Somewhere in Europe (we don’t know exactly where) is the titular Castle of Otranto, home to a lord called Manfred, his wife Hippolita, and their children Conrad and Matilda. Conrad is betrothed to a young princess named Isabella, but on the day of the wedding, there are a few…complications. For starters, a giant helmet falls out of the sky and crushes Conrad to death. Manfred has a totally normal reaction to this and decides that if his son couldn’t survive a giant-ass metal helmet falling on his head, then he was a crappy son anyway. Ergo, he (Manfred) should now cast aside his wife and marry Isabella instead. Isabella has a genuinely normal reaction to this, in that she freaks out and tries to flee the castle. Eventually she does go into hiding with the help of a servant named Theodore, resulting in both of them being targeted by Manfred. From there, things spiral even further out of control. Manfred schemes to divorce Hippolita and marry Isabella, Theodore and Matilda fall for each other and a prophecy is revealed which claims that the true master of the castle will soon overthrow Manfred. It all ends, of course, in overwrought tragedy.
So, which Gothic tropes did Walpole popularize in The Castle of Otranto? It would be easier to list the ones he didn’t popularize, honestly. This book gives us a crumbling, haunted castle full of secret passages, trap doors, moving pictures, ghosts and other dramatic, supernatural phenomena. It features the archetypes of a cruel, jealous and possessive villain and an innocent, pure-hearted young woman who ends up in his clutches. It has shocking twists, passionate forbidden romances, characters being driven to the edge of madness, all that good stuff. And let’s not forget the all-important Gothic tradition of encountering and meddling with things that you really shouldn’t be meddling with. So many characters in Gothic fiction try to bend the rules of nature somehow, whether that’s by marrying their sort-of daughter or by building a guy out of stitched-together corpses in their attic. But whatever the plan, somebody’s going to meet a terrible end because of it.
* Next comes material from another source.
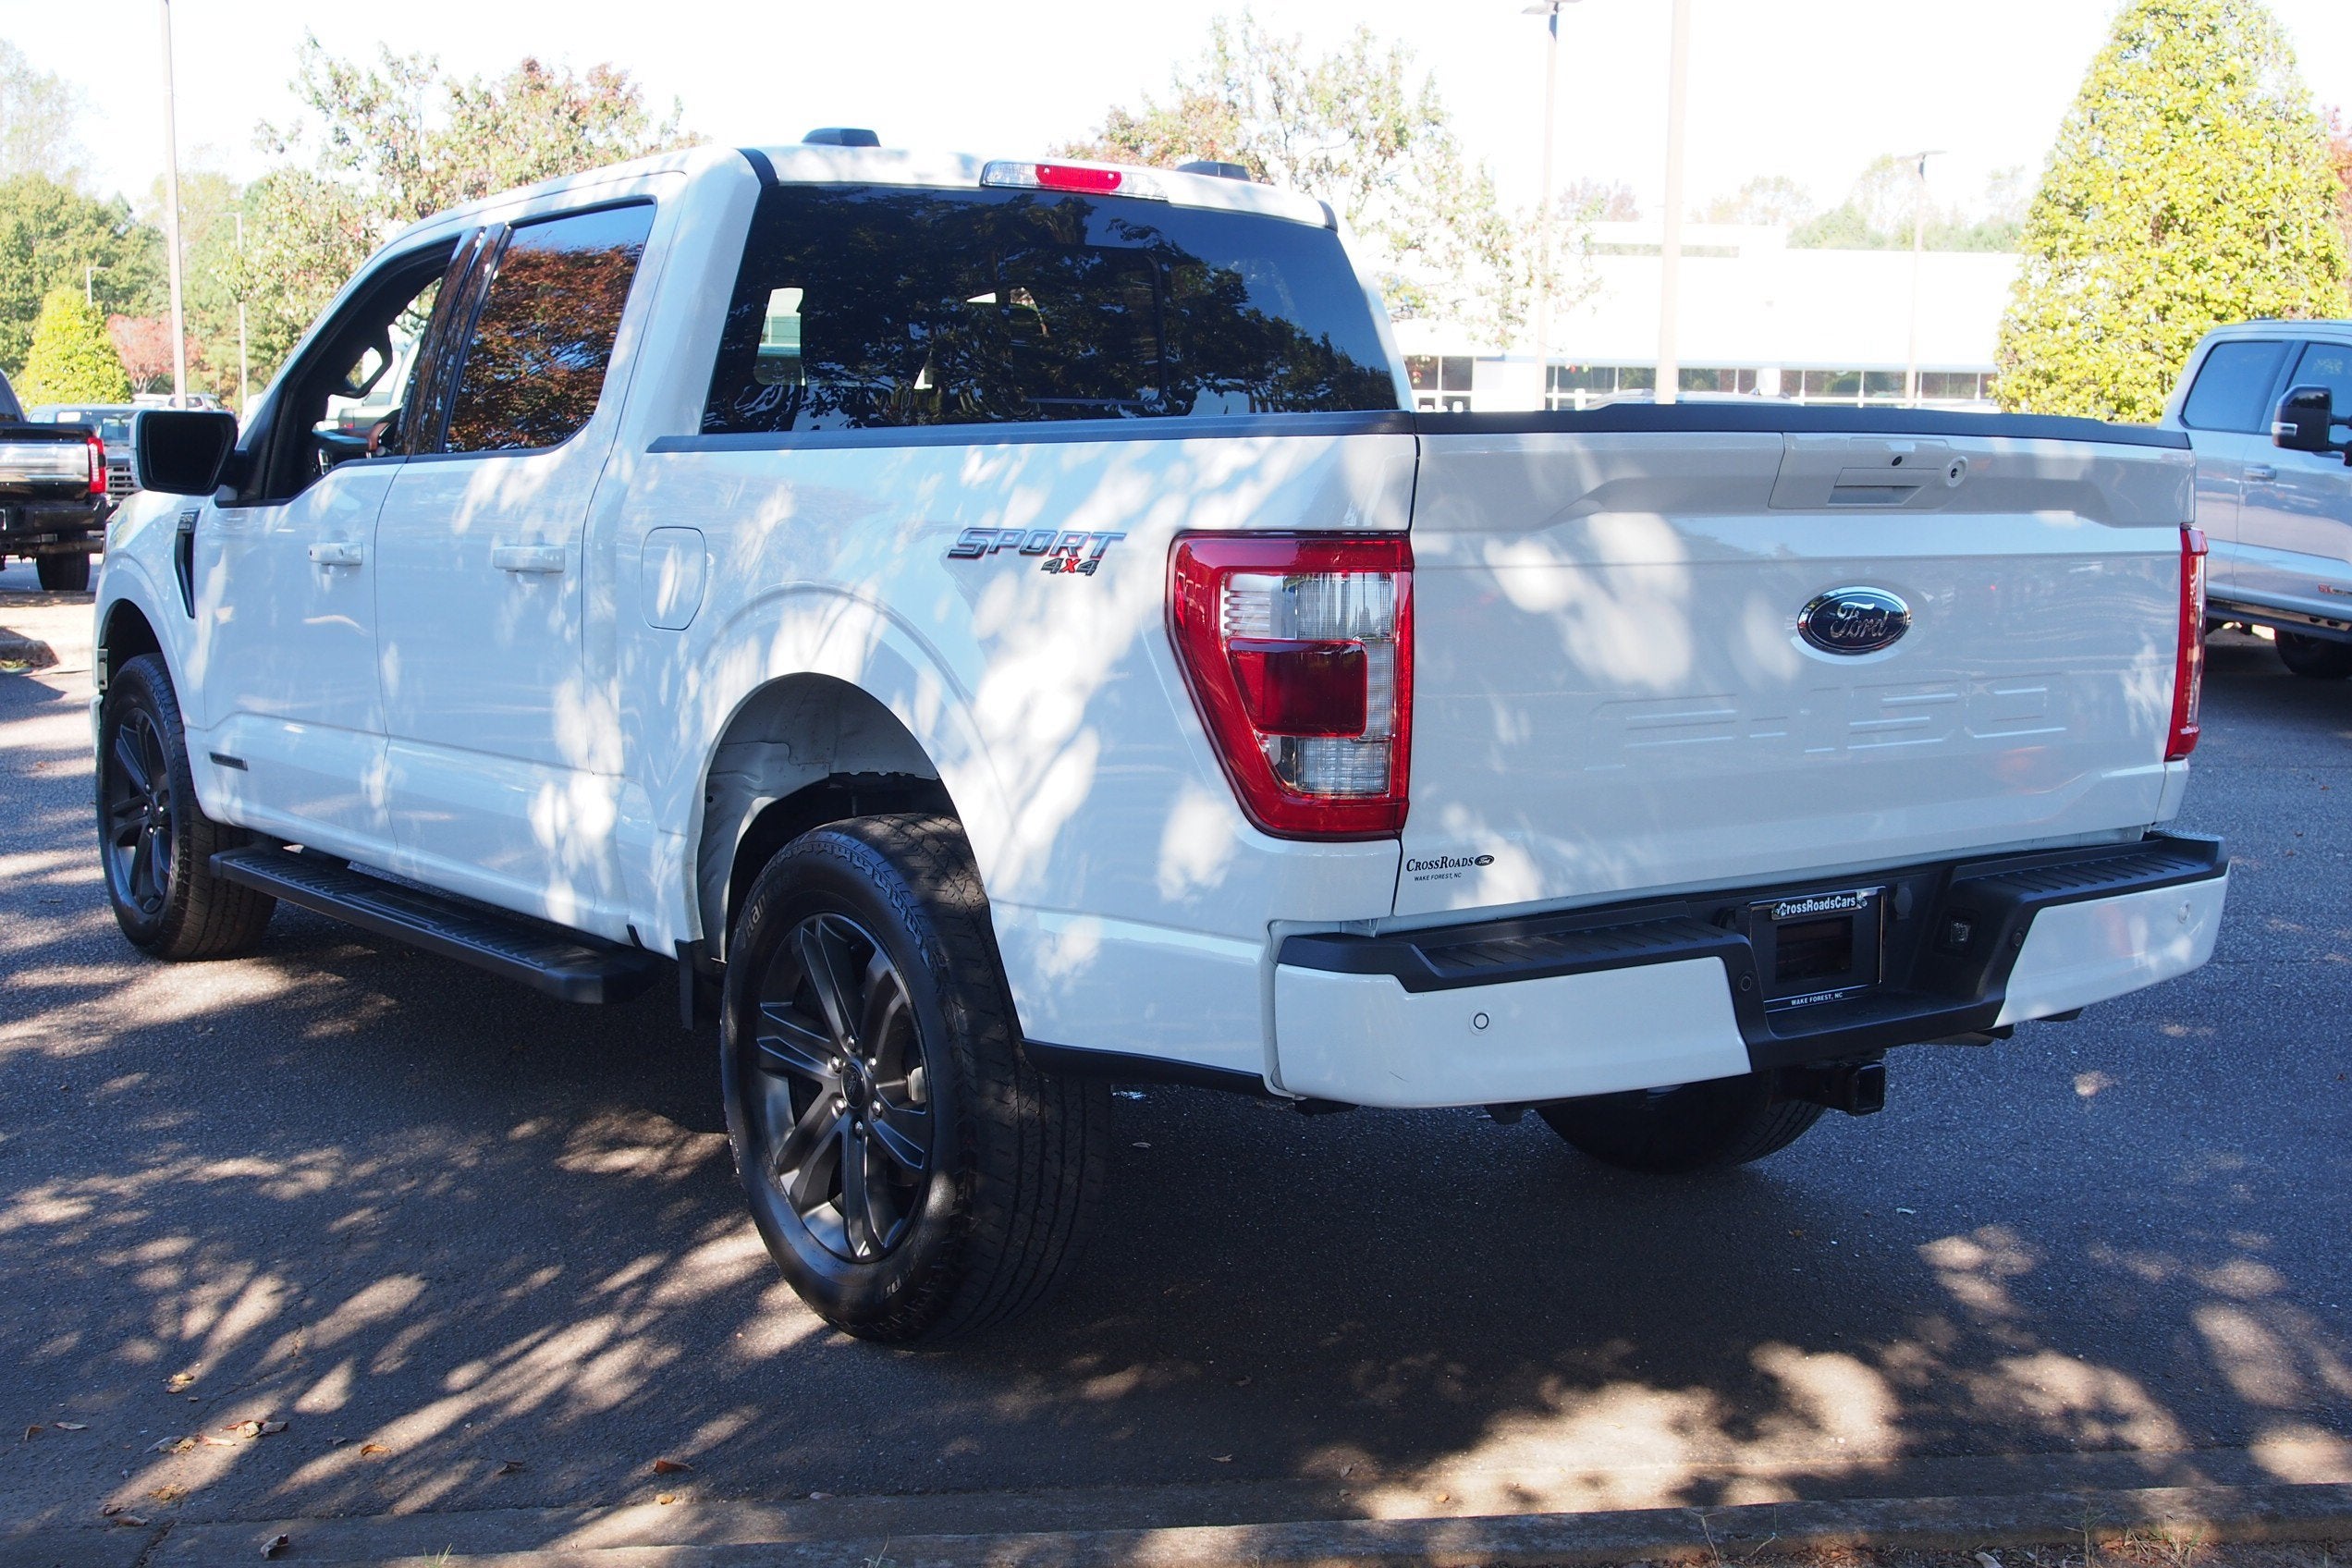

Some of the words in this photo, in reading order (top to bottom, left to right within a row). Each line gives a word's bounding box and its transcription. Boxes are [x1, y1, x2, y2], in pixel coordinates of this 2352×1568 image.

“Look, my Lord! see, Heaven itself declares against your impious intentions!”
“Heaven nor Hell shall impede my designs,” said Manfred, advancing again to seize the Princess.
At that instant the portrait of his grandfather, which hung over the bench where they had been sitting, uttered a deep sigh, and heaved its breast.
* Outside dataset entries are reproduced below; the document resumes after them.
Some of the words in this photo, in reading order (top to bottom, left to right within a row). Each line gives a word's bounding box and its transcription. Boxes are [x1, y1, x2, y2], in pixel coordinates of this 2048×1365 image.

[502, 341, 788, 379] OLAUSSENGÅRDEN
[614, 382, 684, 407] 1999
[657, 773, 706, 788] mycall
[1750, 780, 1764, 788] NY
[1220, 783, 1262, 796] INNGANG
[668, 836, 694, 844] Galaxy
Isabella, whose back was turned to the picture, saw not the motion, nor knew whence the sound came, but started, and said—
“Hark, my Lord! What sound was that?” and at the same time made towards the door.
Manfred, distracted between the flight of Isabella, who had now reached the stairs, and yet unable to keep his eyes from the picture, which began to move, had, however, advanced some steps after her, still looking backwards on the portrait, when he saw it quit its panel, and descend on the floor with a grave and melancholy air.
“Do I dream?” cried Manfred, returning; “or are the devils themselves in league against me? Speak, infernal spectre! Or, if thou art my grandsire, why dost thou too conspire against thy wretched descendant, who too dearly pays for—” Ere he could finish the sentence, the vision sighed again, and made a sign to Manfred to follow him.
“Lead on!” cried Manfred; “I will follow thee to the gulf of perdition.”
The spectre marched sedately, but dejected, to the end of the gallery, and turned into a chamber on the right hand. Manfred accompanied him at a little distance, full of anxiety and horror, but resolved. As he would have entered the chamber, the door was clapped to with violence by an invisible hand. The Prince, collecting courage from this delay, would have forcibly burst open the door with his foot, but found that it resisted his utmost efforts.
“Since Hell will not satisfy my curiosity,” said Manfred, “I will use the human means in my power for preserving my race; Isabella shall not escape me.”Chapter 1
I’ve read The Castle of Otranto in its entirety twice now, and I’ve read excerpts from it at other times. Of course it’s nowhere near as thoughtful or sophisticated as later examples of Gothic literature, but all of the raw melodrama makes for great fun and entertainment. If you enjoy classic literature of this type, then it’s a read I would definitely recommend, especially for this time of year. Have some spooky fun!